_EXERCISE AIM_. Please transcribe the entries exactly and omit the images they contain.

BEGIN

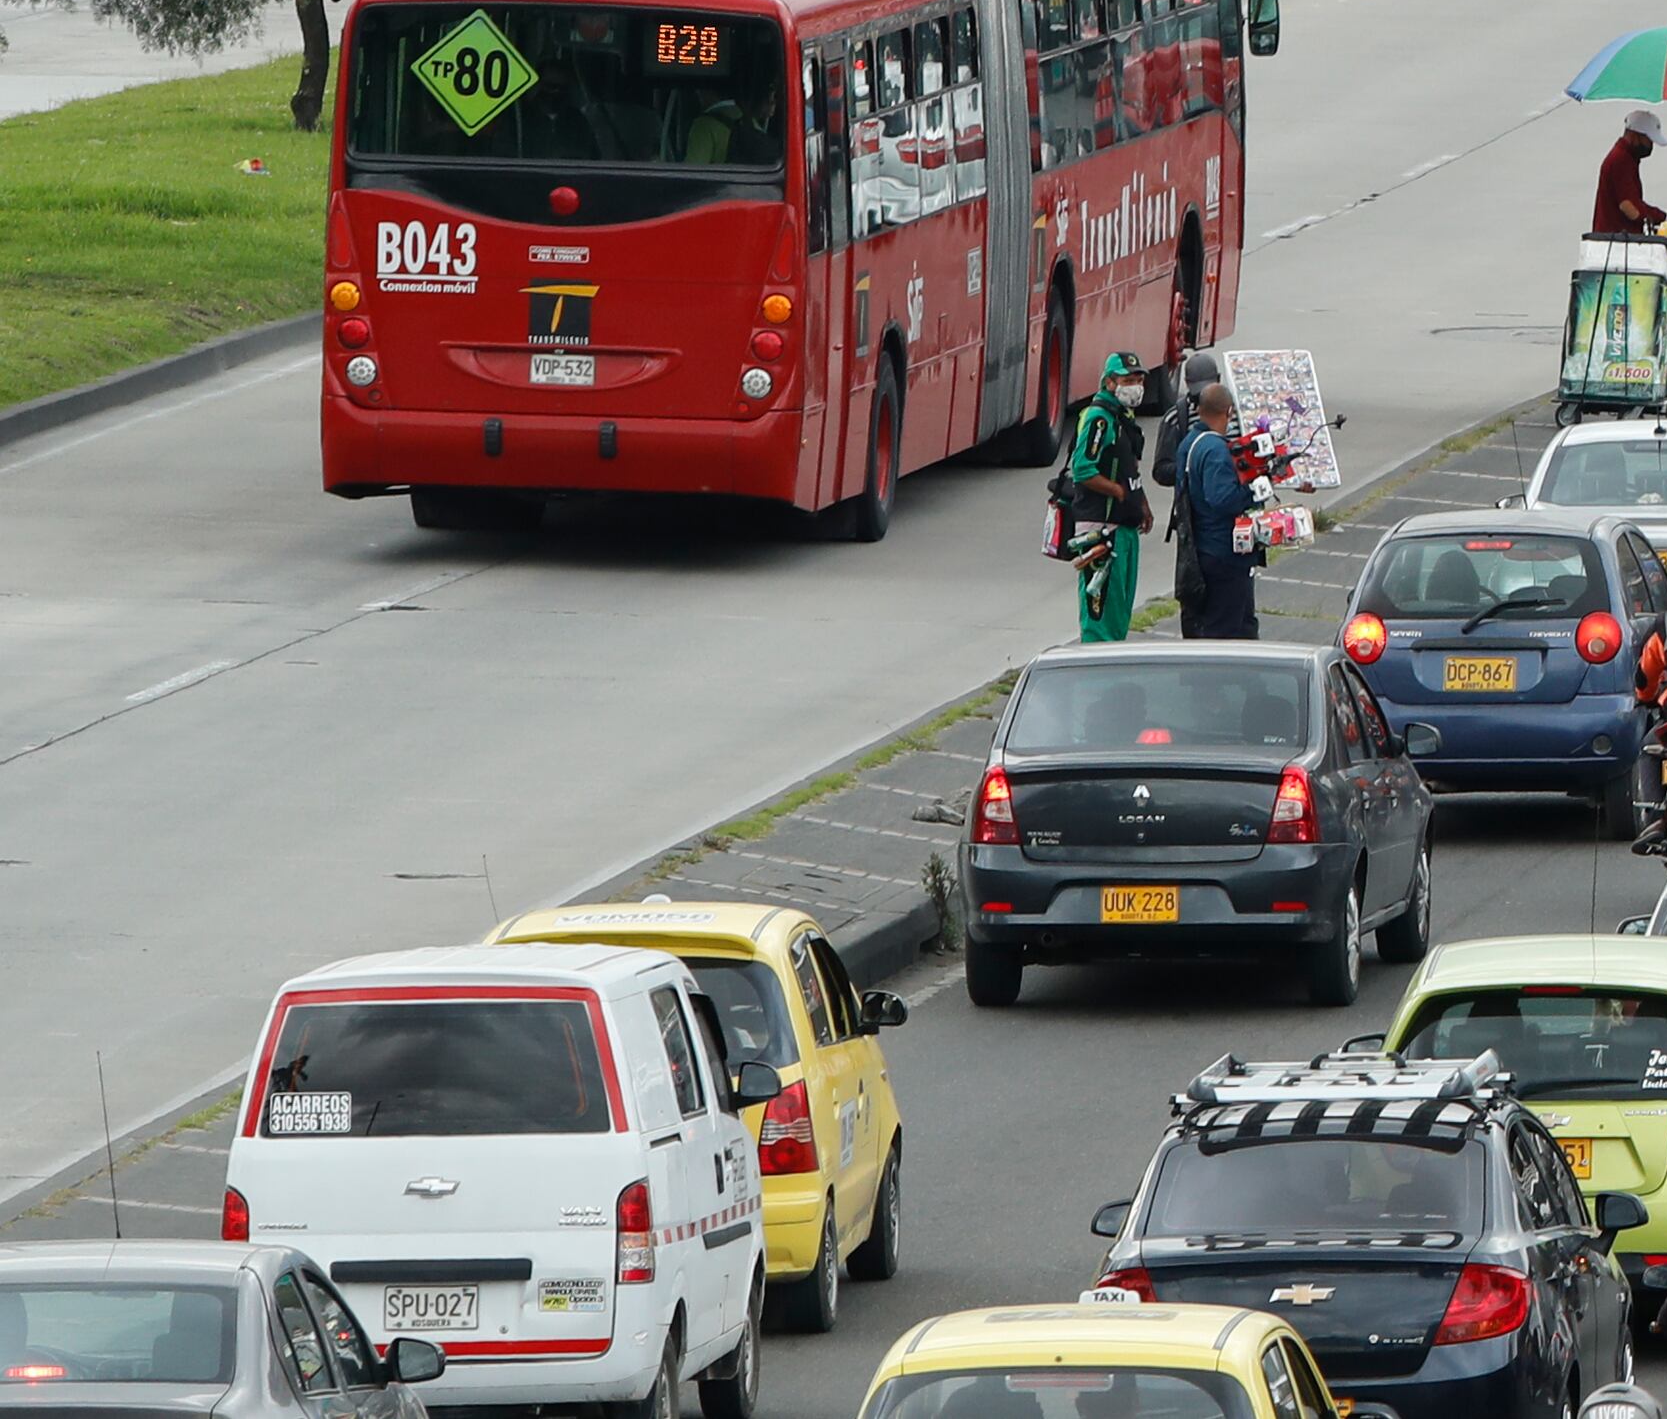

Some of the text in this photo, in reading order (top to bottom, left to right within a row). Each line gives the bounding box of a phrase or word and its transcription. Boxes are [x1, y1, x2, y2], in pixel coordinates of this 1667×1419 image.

[376, 221, 477, 276] B043
[379, 279, 476, 294] Connexion móvil
[272, 1094, 349, 1113] ACARREOS
[1093, 1292, 1125, 1301] TAXI
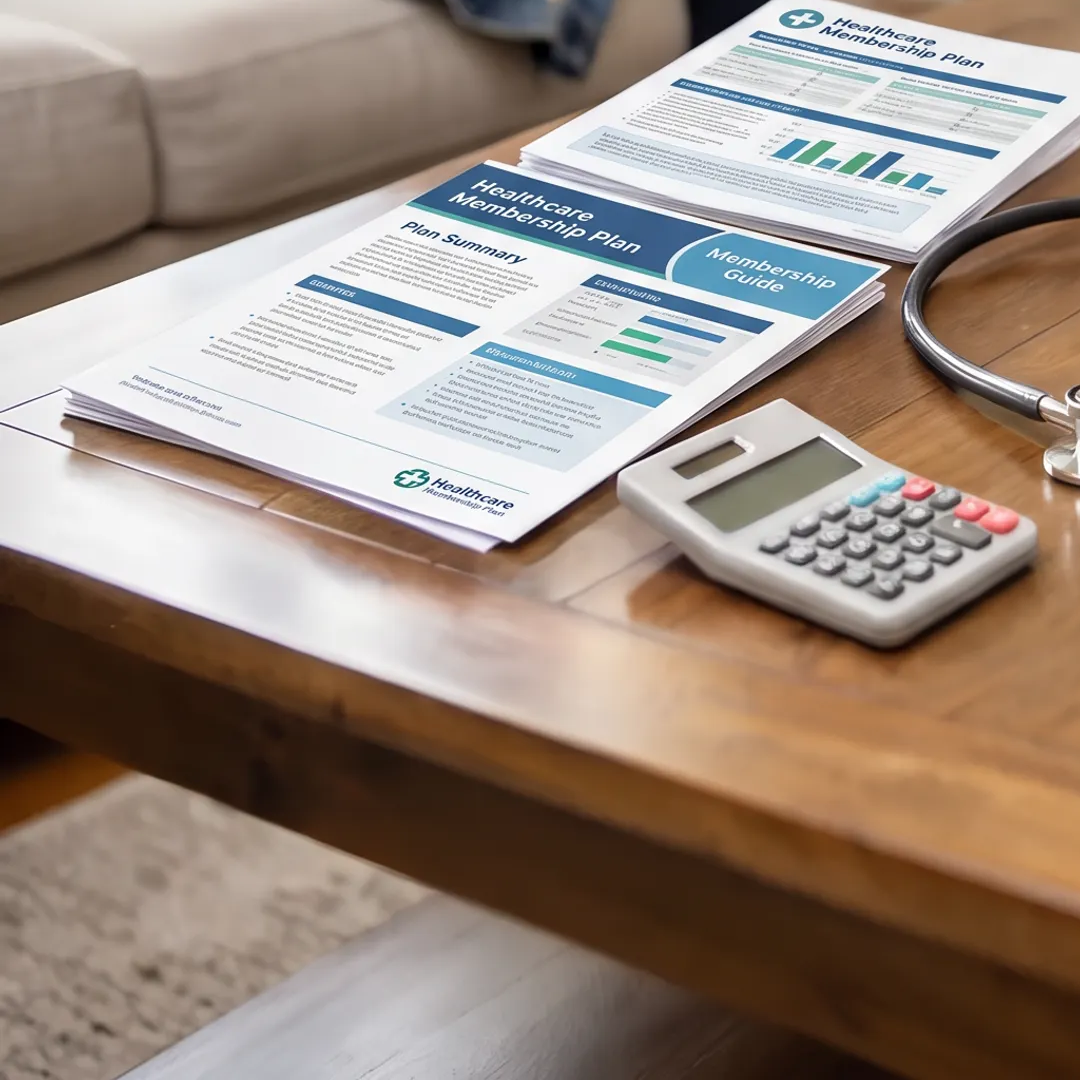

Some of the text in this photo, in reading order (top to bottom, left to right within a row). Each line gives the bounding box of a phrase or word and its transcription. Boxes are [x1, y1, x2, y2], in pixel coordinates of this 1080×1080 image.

[819, 25, 938, 59] Membership
[940, 52, 985, 69] Plan
[832, 17, 937, 47] Healthcare
[471, 179, 594, 222] Healthcare
[400, 221, 528, 265] Plan Summary
[449, 191, 642, 254] Membership Plan
[705, 247, 837, 289] Membership
[723, 269, 784, 293] Guide
[431, 478, 514, 510] Healthcare

END

_YOUR SOLUTION_.
Some of the text in this photo, in reading order (top to bottom, left to right within a row). Each line gives the bounding box of a phrase or word and its transcription. Boxes are [x1, y1, x2, y2], in pixel coordinates of this 1667×1419 image.

[376, 221, 477, 276] B043
[379, 279, 476, 294] Connexion móvil
[272, 1094, 349, 1113] ACARREOS
[1093, 1292, 1125, 1301] TAXI

Some of the text in this photo, in reading order (top to bottom, left to right within a row). Each line gives the bounding box of a phrase or word and its transcription. Boxes are [x1, y1, x2, y2], in pixel coordinates of this 1080×1080 image.

[819, 25, 938, 59] Membership
[940, 52, 985, 69] Plan
[832, 17, 937, 47] Healthcare
[471, 179, 594, 222] Healthcare
[400, 221, 528, 265] Plan Summary
[449, 191, 642, 254] Membership Plan
[705, 247, 837, 289] Membership
[723, 269, 784, 293] Guide
[431, 478, 514, 510] Healthcare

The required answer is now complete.